Introducing “Your Daily Shot of Soju” This is going to be my daily format for sharing random cultural thoughts, pictures and basically anything I want to in an easy to digest and read format. Expect to be updated Monday-Thursday, and probably once on the weekend. Yes, I changed the name. I like this one better.
Something for you to read:
In a survey circulated through the classrooms of my sixth graders I was rated as one of the students favorite teachers. On one hand I feel pretty excited about this. However on the other I have to question what are the characteristics of a sixth graders favorite teacher.
Sixth graders typically don’t like homework. I don’t give them any.
They typically don’t like grades. I generally don’t do that either.
Compared to my competition, who has to squeeze in ten different subjects areas per day, my tasks are fairly mundane. I get to play games with the kids. My class is the one where speaking and making jokes is encouraged. I am essentially a 40 minute Barney episode, and honestly, I have taken my general teaching philosophy this year from the makers of ‘Blue’s Clues.’ So much so that, on days that I teach 3rd graders, I make sure to wear a horizontally striped polo shirt and speak to a green puppet frog named “Froggy the Frog” at least twice per class.
My style is unmatched.
But this is where my professional development breaks down. While I suppose I am doing the best I can with the amount of time and resources I have been given, professionally this job doesn’t not allow me to develop a substance to my teaching.
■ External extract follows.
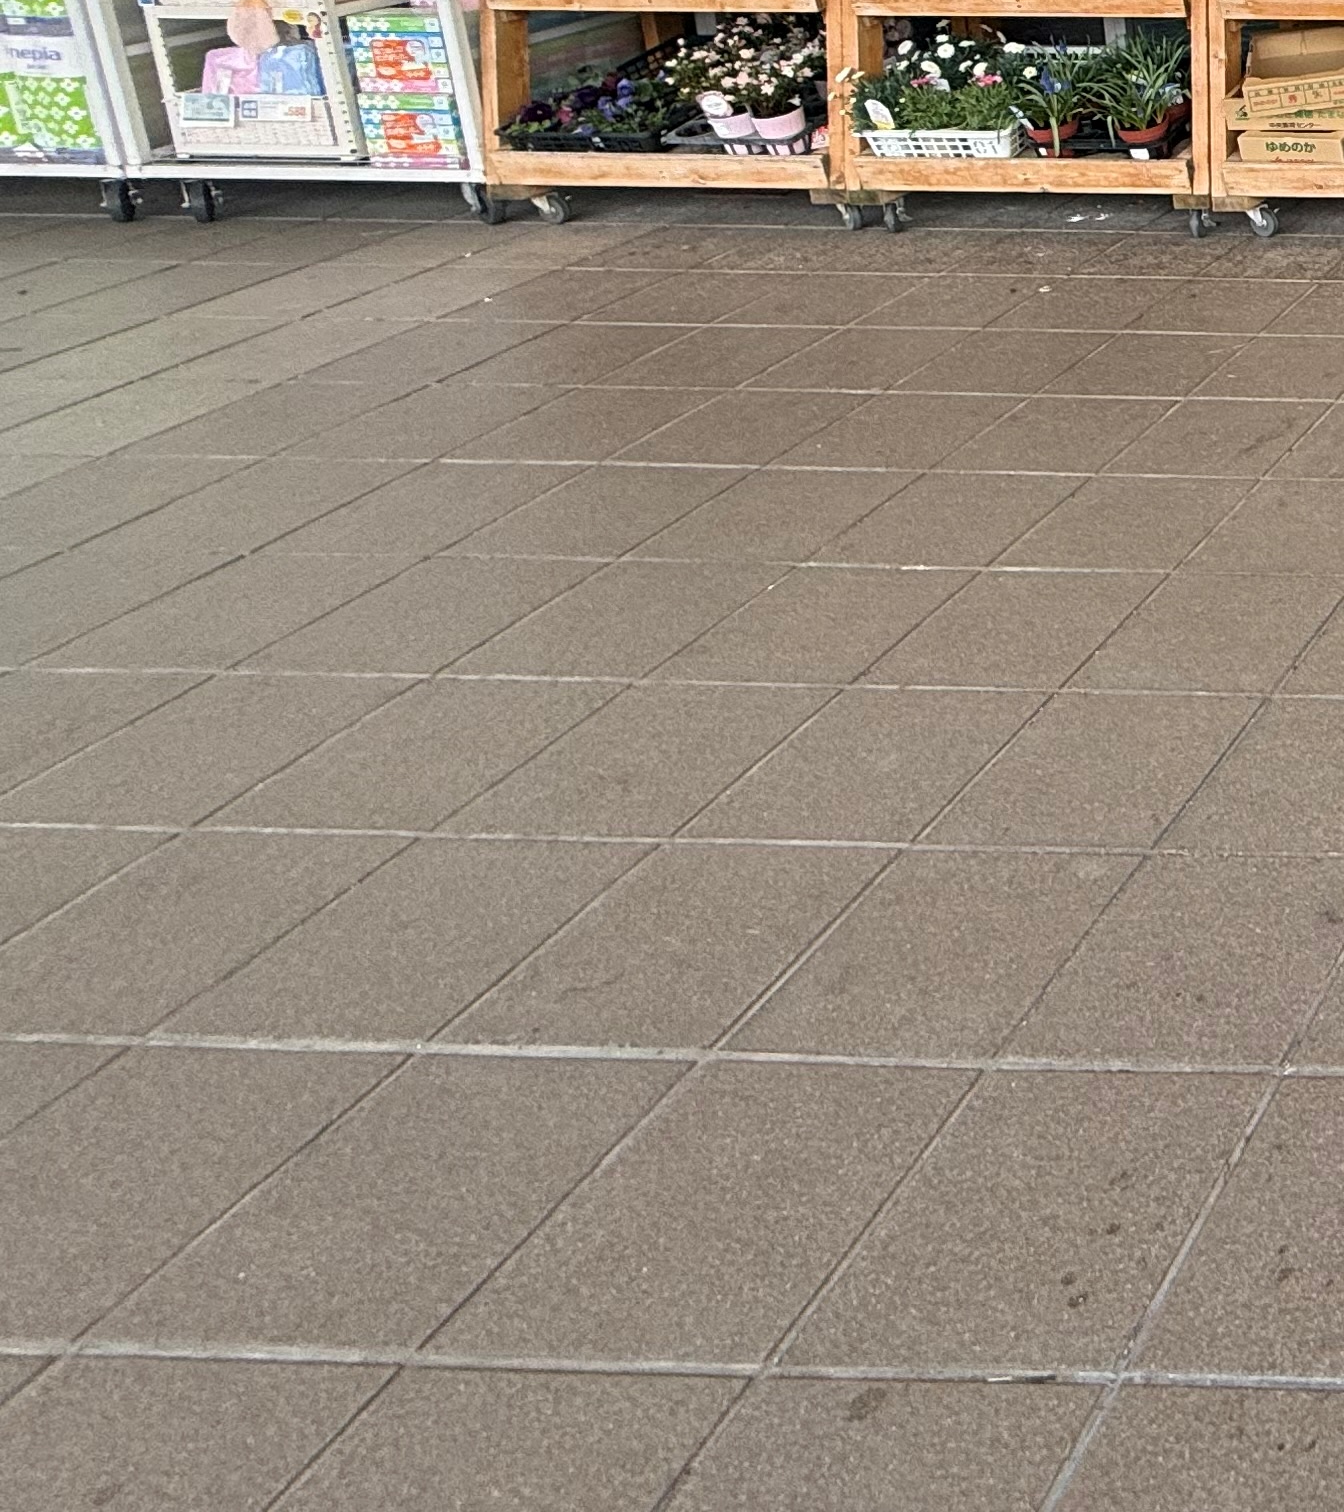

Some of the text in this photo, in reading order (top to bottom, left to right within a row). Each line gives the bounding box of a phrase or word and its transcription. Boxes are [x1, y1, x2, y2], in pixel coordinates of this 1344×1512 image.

Tom Robbins once wrote something about style being the basis of essence but I bet he also was never charged with teaching over 1,000 Korean students English every week. In fact I suspect he would disparage the job I am doing. He would call it “imperialistic” and “arrogant” to assume our language and culture needs to be transported to the other side of the world…the number one export of America, after all, is it’s culture.
Perhaps it is arrogant in some regard, but really, substance wise how much culture and language can I really force upon these kids. I am resigned. Resigned to the fact that in the short amount of time I have to teach I can really not impart any significant, substantial knowledge to these students. So instead I act excited. I act energetic and fun. I do this to try and trick students into wanting to learn English on their own. I am not an English teacher so much as I am an English salesman.
Here, I can not really teach the substance of Western culture but I can teach it’s style. Besides, I’ll be damned if those kids don’t crack up at the “silly foreigner” when I talk to that green puppet frog.
I showed this video to Rachel and she said that this sort of thing is actually kind of common in Korean politics. I was surprised.
About yesterday’s election:
The mayor (former) of Seoul is the president (new) of South Korea. Really, no shocker. He had been the front runner for months now and not even a split in his party or a video released earlier this week, linking him to stock market manipulation, could change his eventual win.
The election system here calls for a run off vote if the first place nominee gains less than 50 percent of the vote. Because of this, 3rd parties receive a larger share of the vote. Despite this, Lee won handily.
Piece of pop culture I’m diggin on today:
Winter Break…school doesn’t start again til the end of January.
Piece of pop culture I miss today:
Winter break that is really a winter break. Even though school is off for a month I still need to come in for a few hours each day, otherwise this month off counts against my days off that I can take. This rule applies only to me since I’m not counted as a normal teacher, who is a life long employee of the government. Additionally, I am expected to lead an English winter camp for a few weeks.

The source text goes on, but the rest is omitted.